__WHAT TO WORK ON__
All of the data that follows is to be printed exactly, without pictures.

__RECORD EXCERPTS__
>>>>>

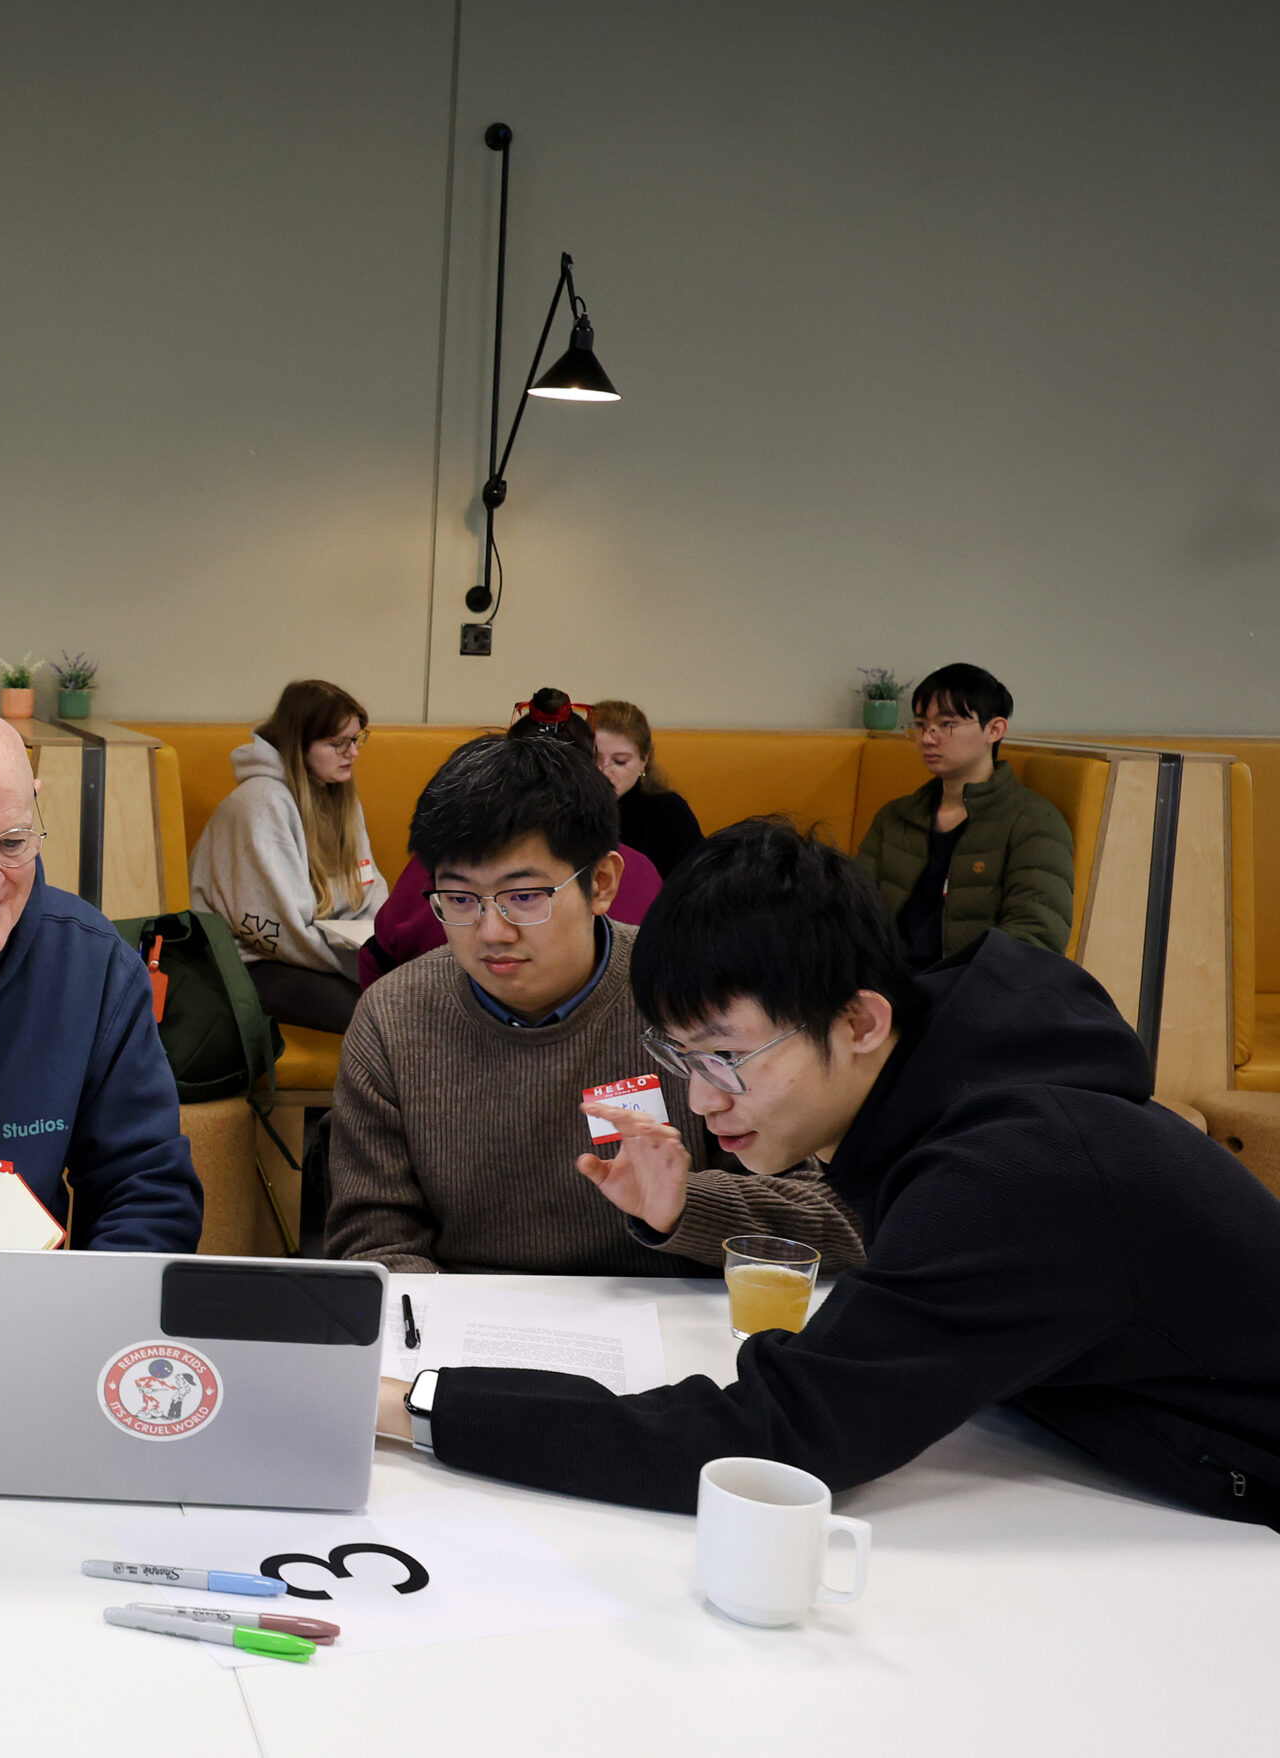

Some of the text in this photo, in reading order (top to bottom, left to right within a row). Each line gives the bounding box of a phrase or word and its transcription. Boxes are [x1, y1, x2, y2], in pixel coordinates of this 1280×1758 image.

[593, 1078, 647, 1096] HELLO
[3, 1118, 69, 1139] Studios.
[117, 1347, 207, 1374] REMEMBER KIDS
[110, 1401, 209, 1435] IT'S A CRUEL WORLD
[143, 1565, 180, 1581] Sharpie
[260, 1542, 430, 1601] 3

<<<<<

__YOUR SOLUTION__
Some of the text in this photo, in reading order (top to bottom, left to right within a row). Each line gives the bounding box of a phrase or word and its transcription. Boxes are [x1, y1, x2, y2], in pixel coordinates of this 1280×1758 image.

[593, 1078, 647, 1096] HELLO
[3, 1118, 69, 1139] Studios.
[117, 1347, 207, 1374] REMEMBER KIDS
[110, 1401, 209, 1435] IT'S A CRUEL WORLD
[143, 1565, 180, 1581] Sharpie
[260, 1542, 430, 1601] 3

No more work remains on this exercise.